The new tax cap forced cities and towns to rethink spending. This was one reason the state experienced a remarkable economic revival, deemed the “Massachusetts Miracle,” propelled by high-tech sector expansion and innovation centers along Route 128. Employment levels rose substantially from 12 percent unemployment to less than 3 percent as Massachusetts’ overall fiscal condition strengthened dramatically.
The results speak for themselves:
- Massachusetts fell from having the 3rd highest property tax burden per capita in 1981 ($562) to 12th by 1987 ($640) to 22nd by 1992;
- The total property tax levy, when adjusted for inflation, actually decreased by about 1.6 percent over the implementation period;
- Perhaps most telling was the billion-dollar swing in state finances—from a $500 million deficit in the mid-1970s to a surplus exceeding $500 million a decade later;
- The state doubled aid to municipalities between 1981 and 1986, shifting the burden off regressive property taxes while fostering a more balanced approach;
- Local budgets still grew approximately 8 percent over 15 years (1981–1995) when adjusted for inflation.
Proposition 2 ½ didn’t gut local government—it recalibrated it.

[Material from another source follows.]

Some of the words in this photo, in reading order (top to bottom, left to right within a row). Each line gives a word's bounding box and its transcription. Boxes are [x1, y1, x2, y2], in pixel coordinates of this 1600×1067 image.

The change in local budgets following the law proved that fiscal discipline didn’t strangle local services but created the foundation for lasting prosperity.

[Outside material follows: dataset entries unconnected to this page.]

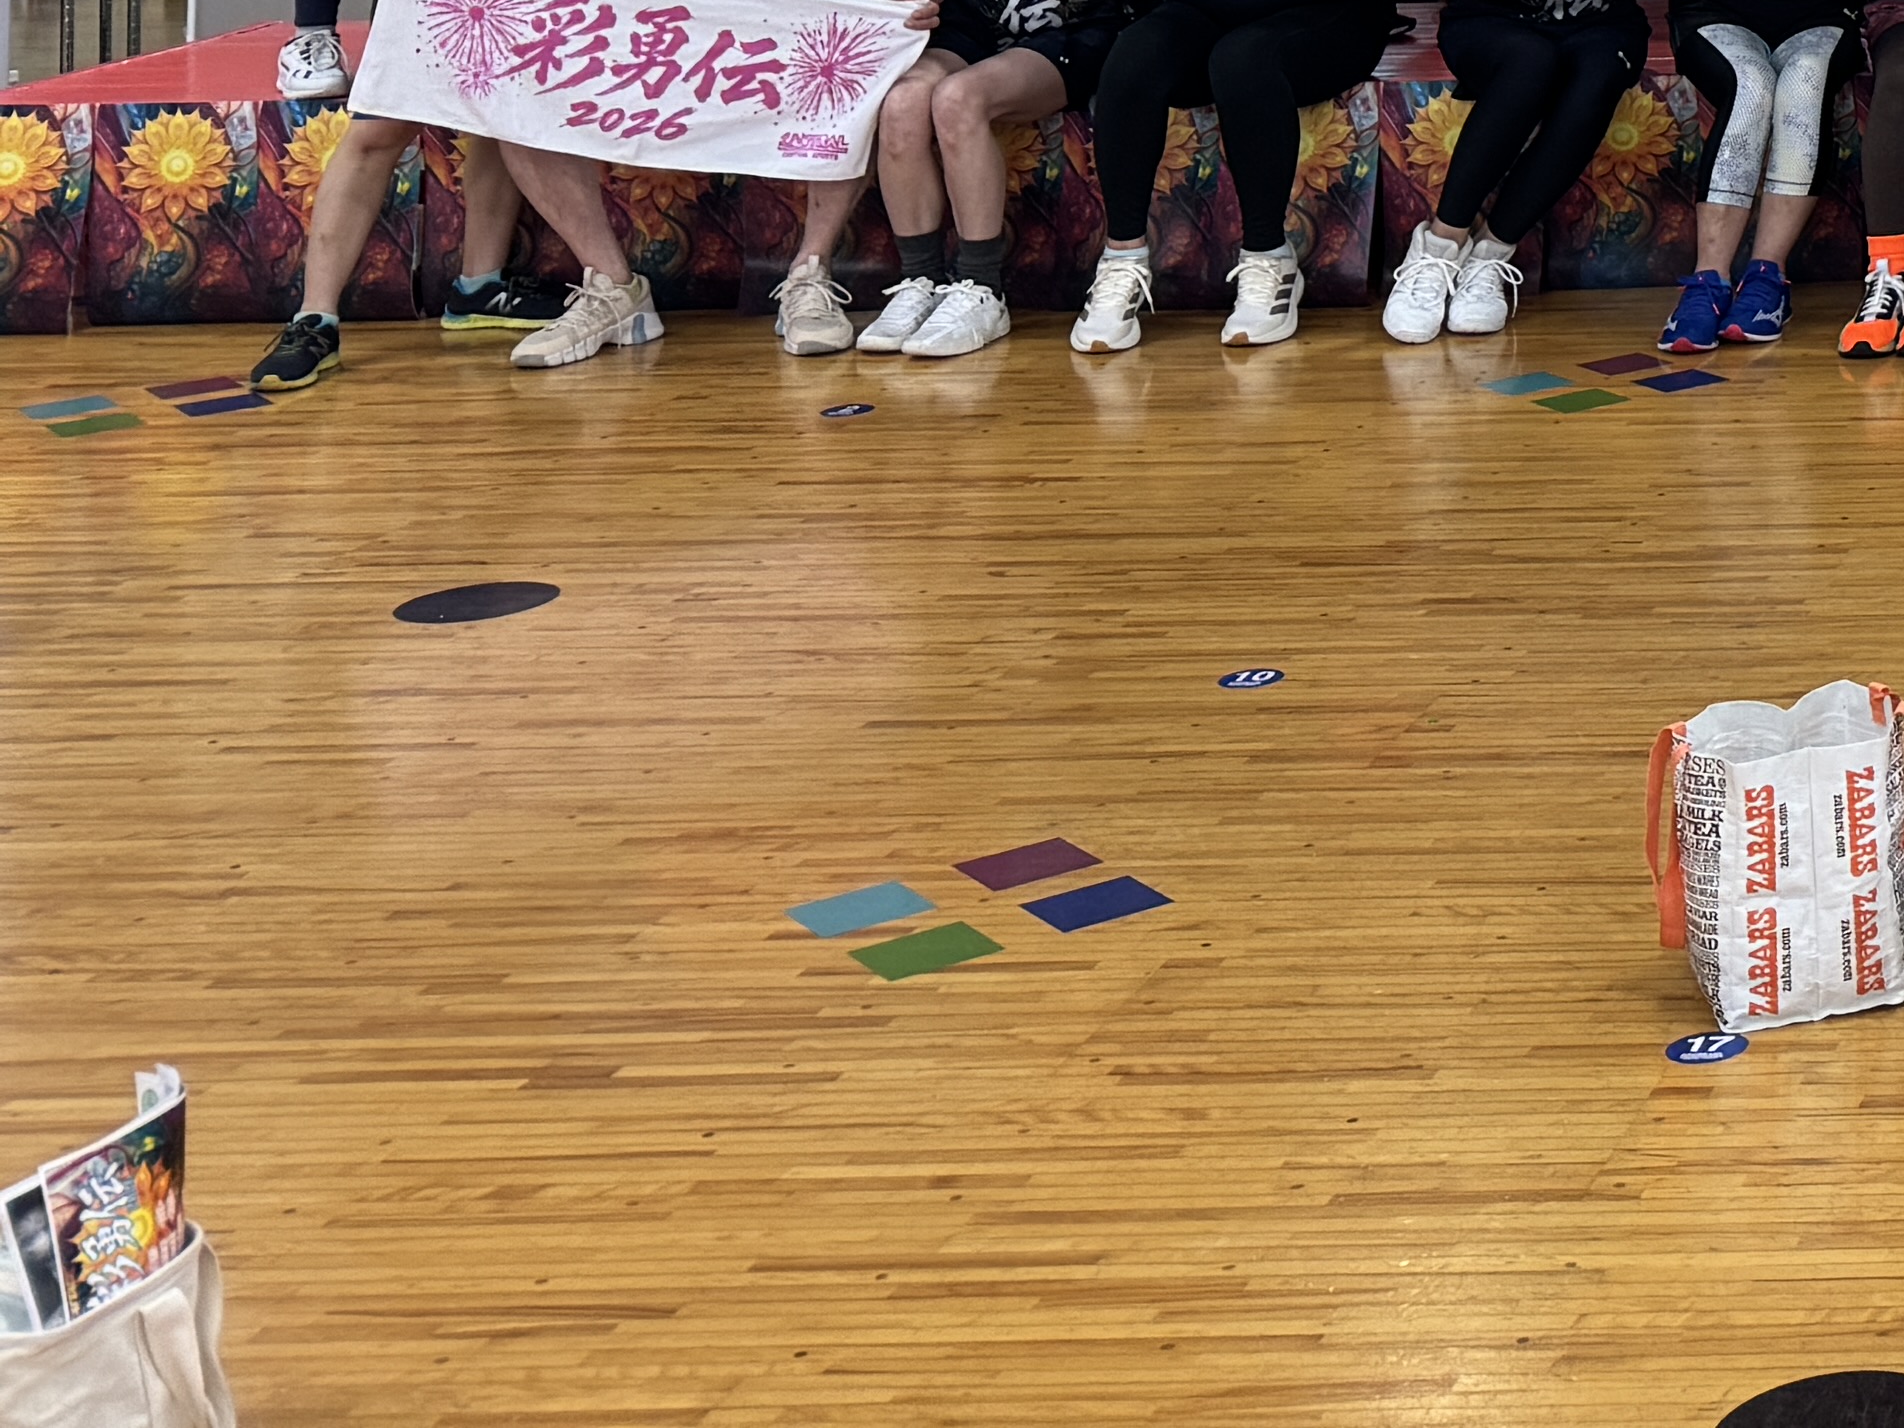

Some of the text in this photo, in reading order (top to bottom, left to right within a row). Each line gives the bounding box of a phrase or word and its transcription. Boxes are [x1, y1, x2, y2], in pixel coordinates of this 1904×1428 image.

[558, 100, 696, 142] 2026
[1234, 670, 1276, 682] 10
[1778, 802, 1789, 868] zabars.com
[1833, 793, 1845, 859] zabars.com
[1782, 927, 1792, 993] zabars.com
[1840, 918, 1853, 982] zabars.com
[1686, 1033, 1736, 1053] 17
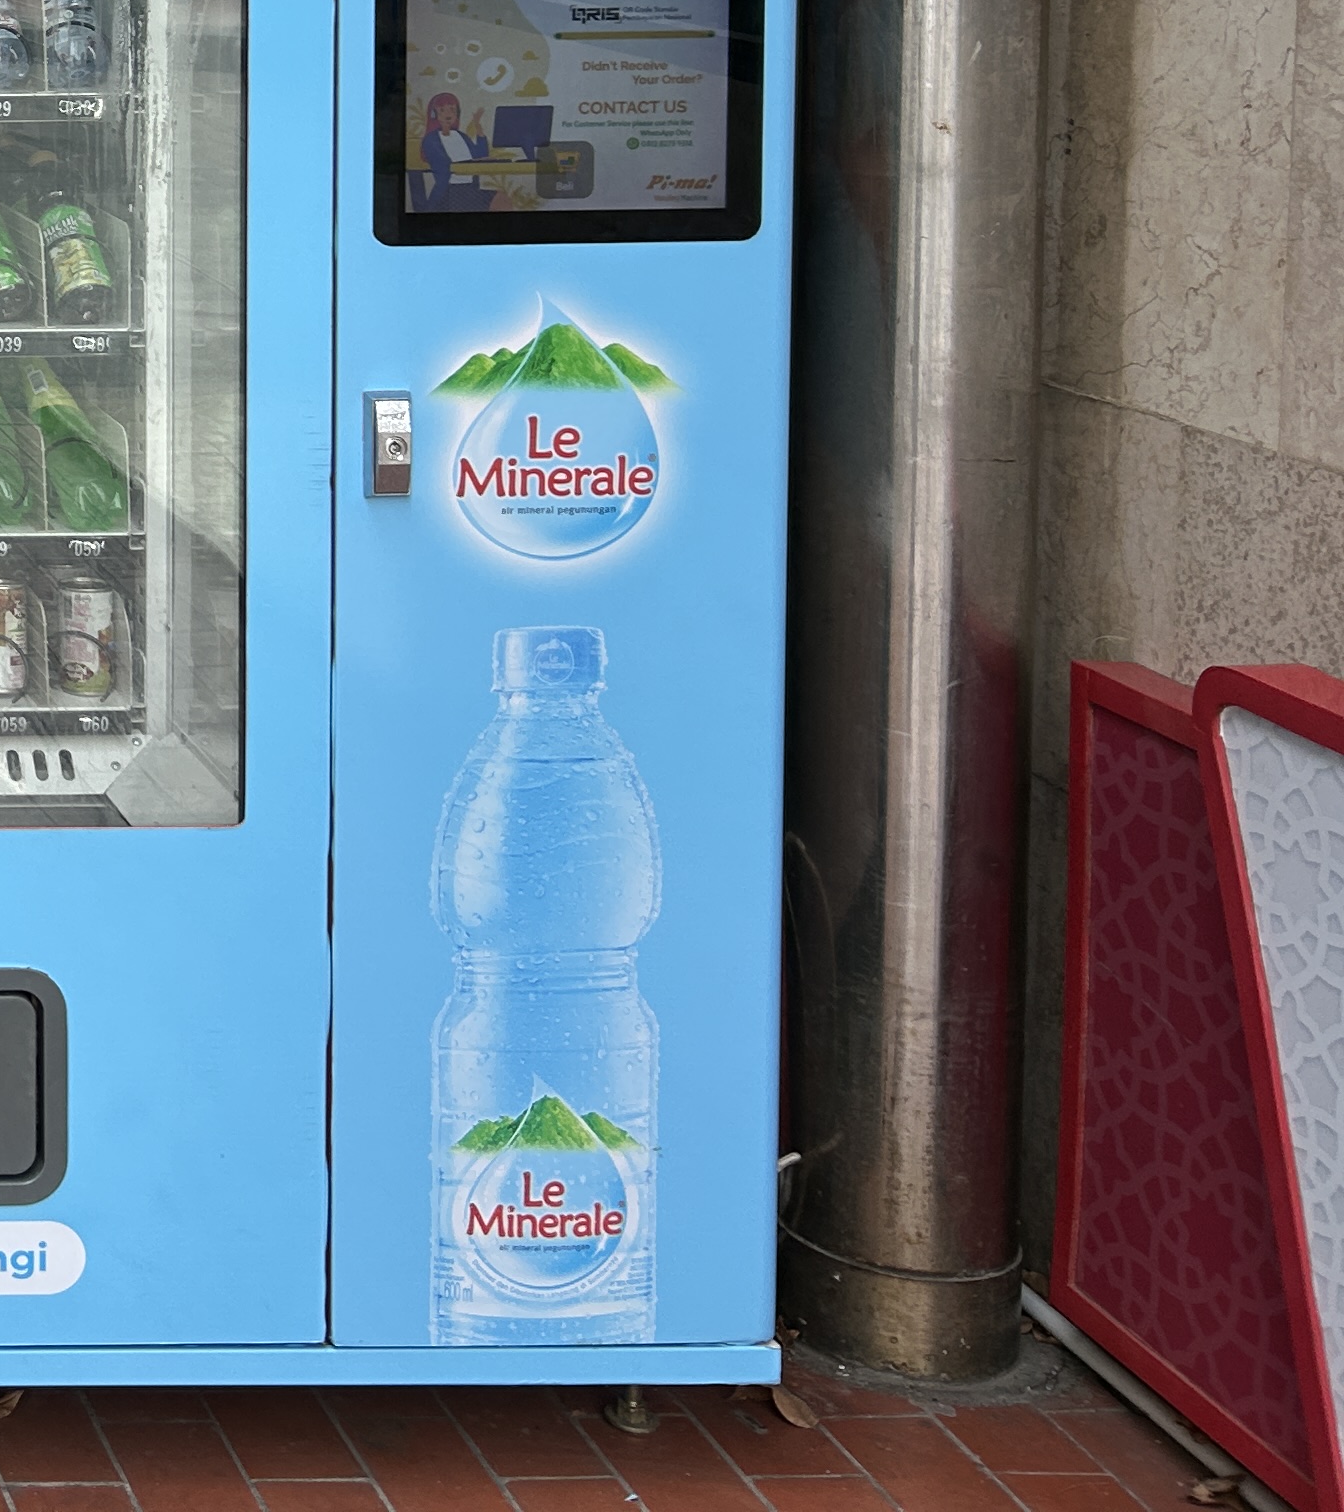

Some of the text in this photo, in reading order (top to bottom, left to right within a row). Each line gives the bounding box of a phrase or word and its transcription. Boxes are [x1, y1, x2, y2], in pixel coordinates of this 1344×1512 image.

[582, 61, 669, 72] Didn't Receive
[632, 73, 704, 86] Your Order?
[578, 100, 688, 115] CONTACT US
[528, 415, 581, 460] Le
[455, 454, 655, 499] Minerale
[501, 505, 617, 517] air mineral pegunungan
[0, 716, 27, 733] 059
[522, 1171, 566, 1208] Le
[466, 1201, 624, 1239] Minerale

State Spending Undermines Local Fiscal Responsibility
While Proposition 2 ½ brought discipline to local budgets, state leaders in the late 1980s failed to show the same restraint. Even during the nationwide economic boom, the local fiscal responsibility of Proposition 2 ½ could not sustain Massachusetts’ economic growth when state spending rapidly grew out of control.
With budget deficits approaching $1 billion, policymakers responded not with reform at the state level, but with massive tax increases and deep service cuts. Governor Dukakis even proposed a shocking 15 percent temporary increase in state personal income taxes.

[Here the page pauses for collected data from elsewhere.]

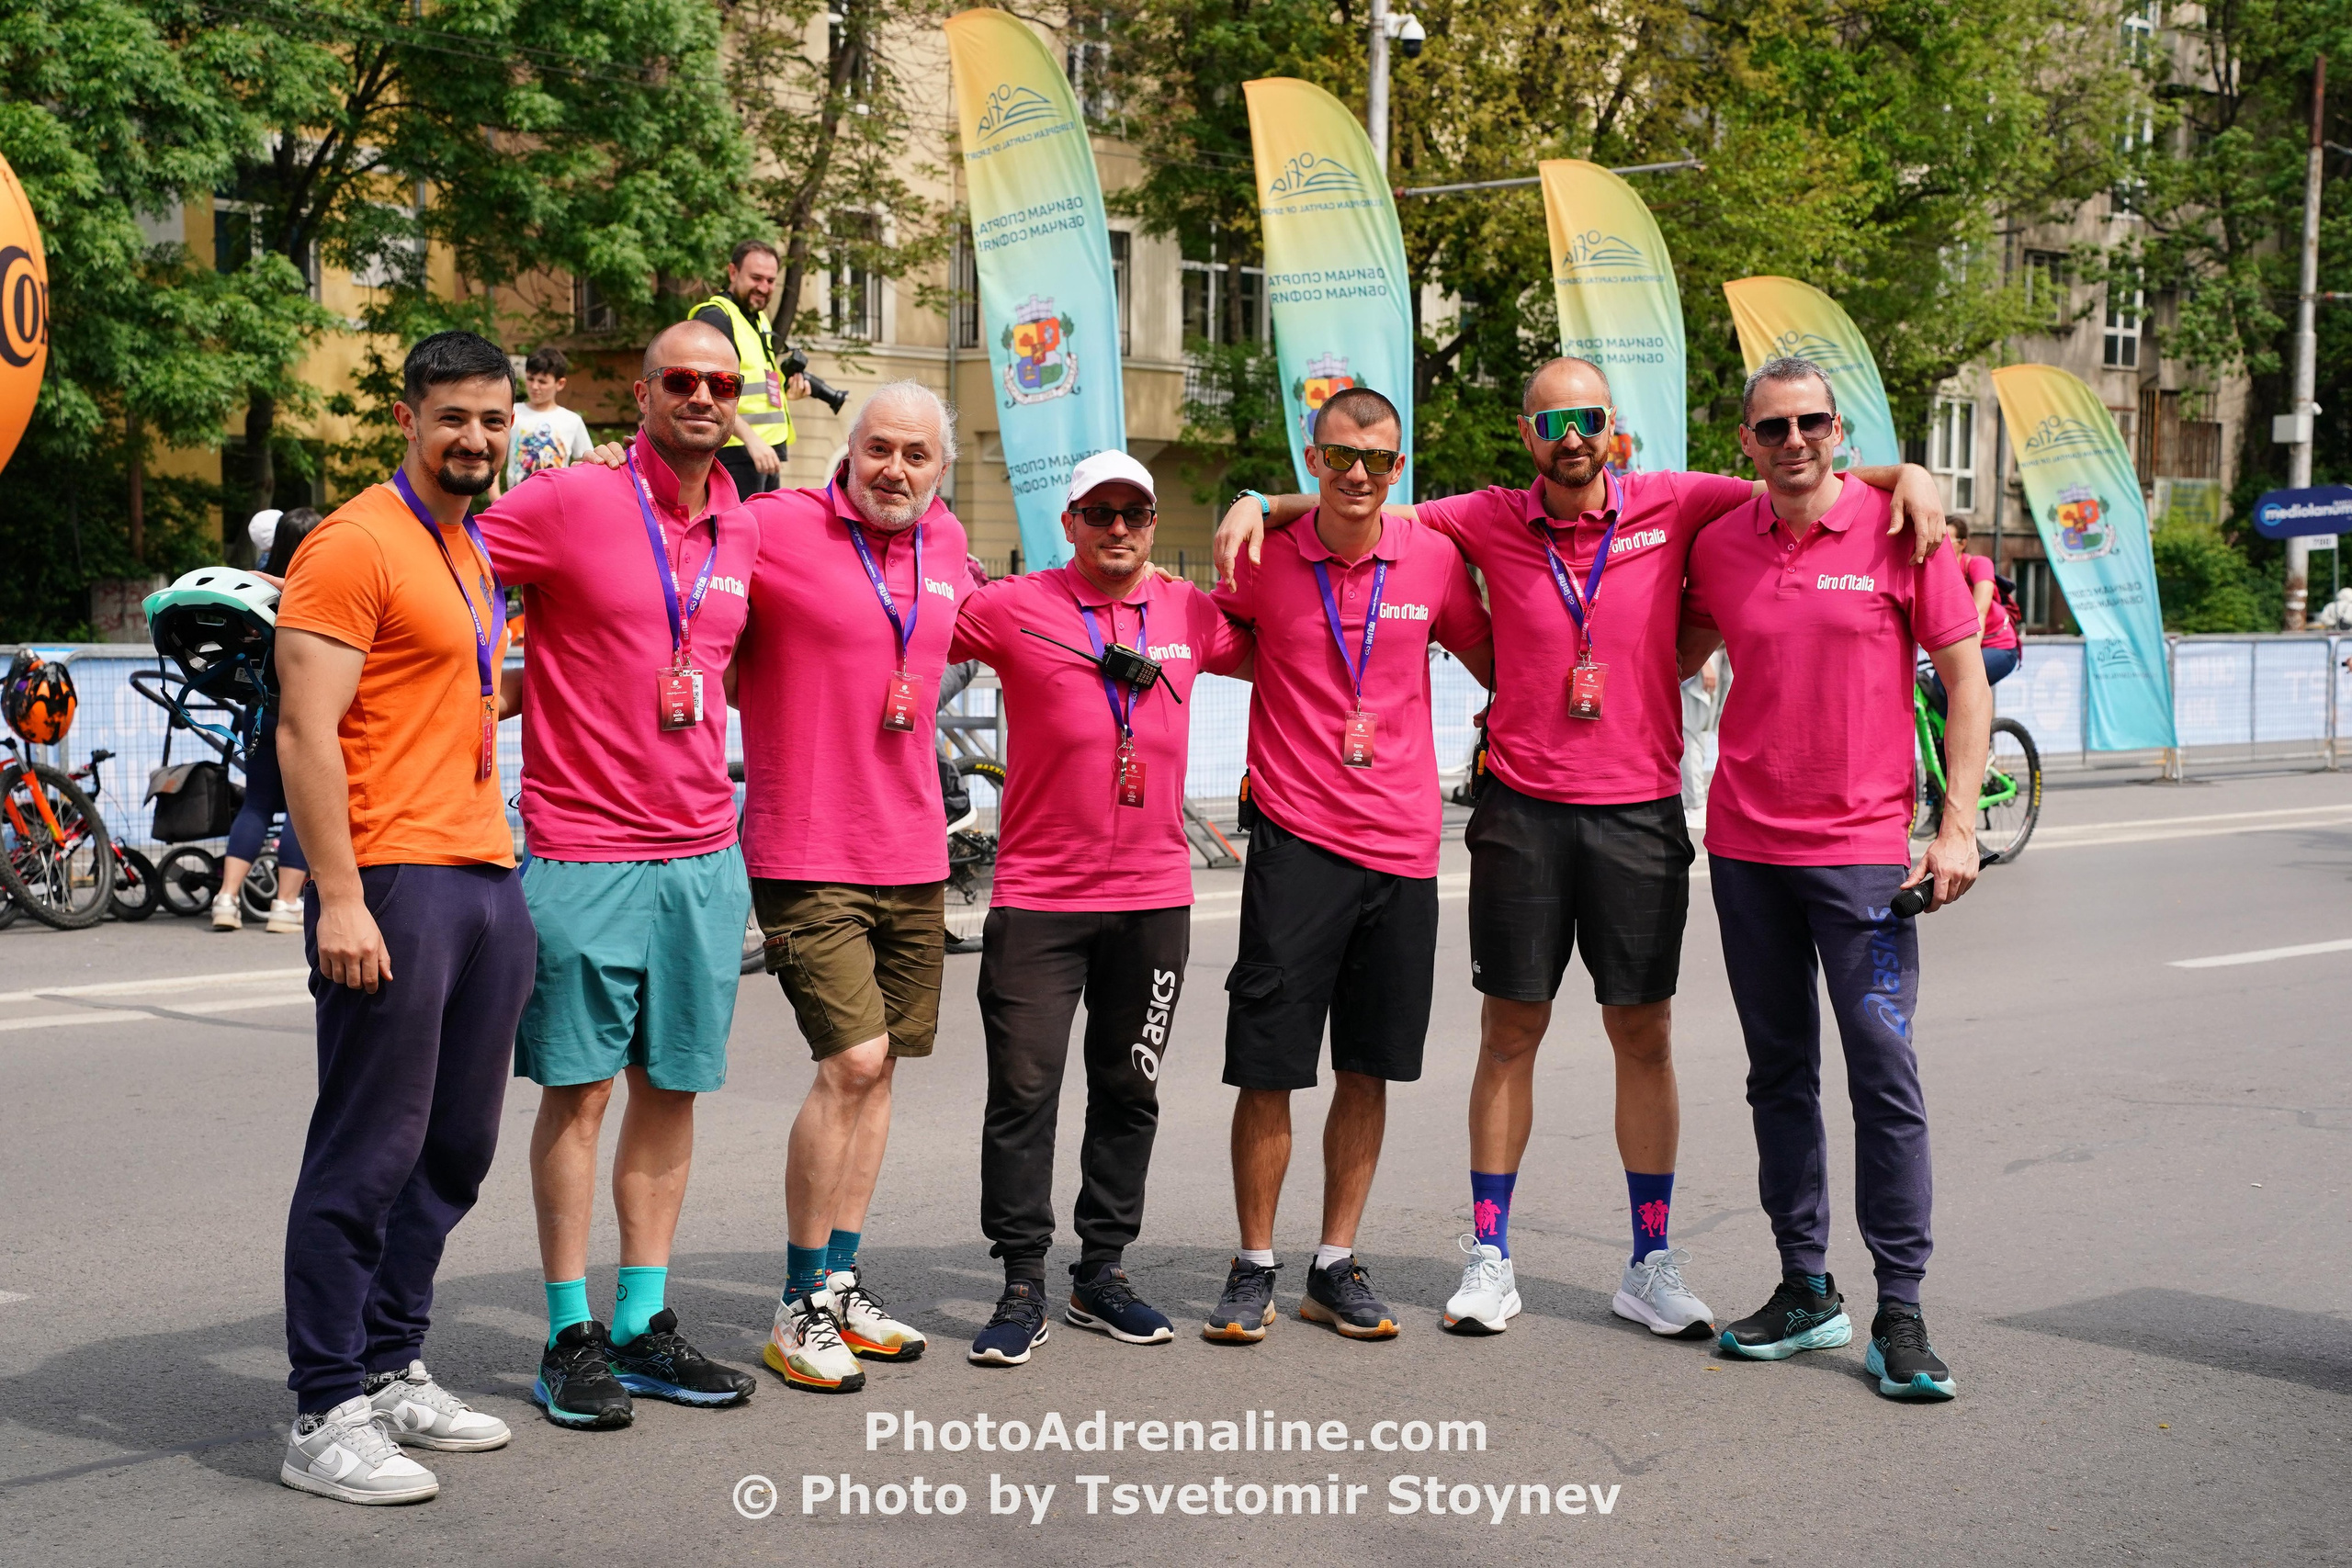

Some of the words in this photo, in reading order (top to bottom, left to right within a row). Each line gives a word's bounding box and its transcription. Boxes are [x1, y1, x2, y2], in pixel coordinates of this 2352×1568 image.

[1633, 528, 1666, 548] d'Italia
[709, 574, 724, 591] iro
[924, 577, 942, 594] Giro
[1816, 573, 1838, 590] Giro
[1838, 573, 1874, 592] d'Italia
[1379, 603, 1400, 619] Giro
[1401, 604, 1429, 620] d'Italia
[1148, 646, 1169, 660] Giro
[1168, 643, 1191, 659] d'Italia
[1142, 968, 1176, 1045] asics

The result was a rapid fiscal unraveling—unemployment spiked from 3.1 percent to 9.1 percent in just three years. Today, we’re seeing the same pattern: overspending during good times, followed by calls to raise hefty taxes when the bills come due.
It didn’t work then, and it won’t work now.
The Current Crisis
The state’s high taxes, including its recently implemented surtax on high-earners, suggest we’re returning to an unsustainable tax-and-spend mindset. We know from history how this plays out, and we’re already seeing the consequences.
- Tax policy is now the top reason people leave Massachusetts, according to polling and data analysis;
- 70 percent of CPAs report high-income clients changed their primary residence last year, according to the Massachusetts Society of CPAs; and
- Policy expert Evan Horowitz warns that Massachusetts faces “significant economic turmoil” and has advised lawmakers to reduce revenue expectations by $1 billion.
Each high-earner who leaves doesn’t just take their income tax payments—they take their property taxes, sales taxes, and the economic activity that supports middle-class jobs.
How Higher Taxes Make Cost of Living Worse
- Higher taxes drive up the cost of living in Massachusetts—including housing and other necessities;
- Business flight due to a hostile tax and regulatory environment reduces competitive employment opportunities for remaining workers;
- Stagnated economic dynamism means fewer startups and innovations that create good-paying jobs;
- Government inefficiency grows when spending isn’t appropriately constrained, wasting resources that could lower costs for Massachusetts families.
The Massachusetts Miracle proved that fiscal discipline creates the conditions for broad-based prosperity. It taught us that when businesses thrive and compete for workers, wages rise naturally. When housing supply increases due to economic growth and reduced property taxes, the cost of living moderates. When state and local governments operate efficiently, they can provide better services at lower cost.
Learning from Our Past
We must learn from our past and choose the fiscal discipline now for long-term economic benefits—not more tax-and-spend politics. The state’s policies can easily undermine economic growth—or spur it into action. Policymakers should keep in mind that our most successful economic period followed tax reform, not tax increases.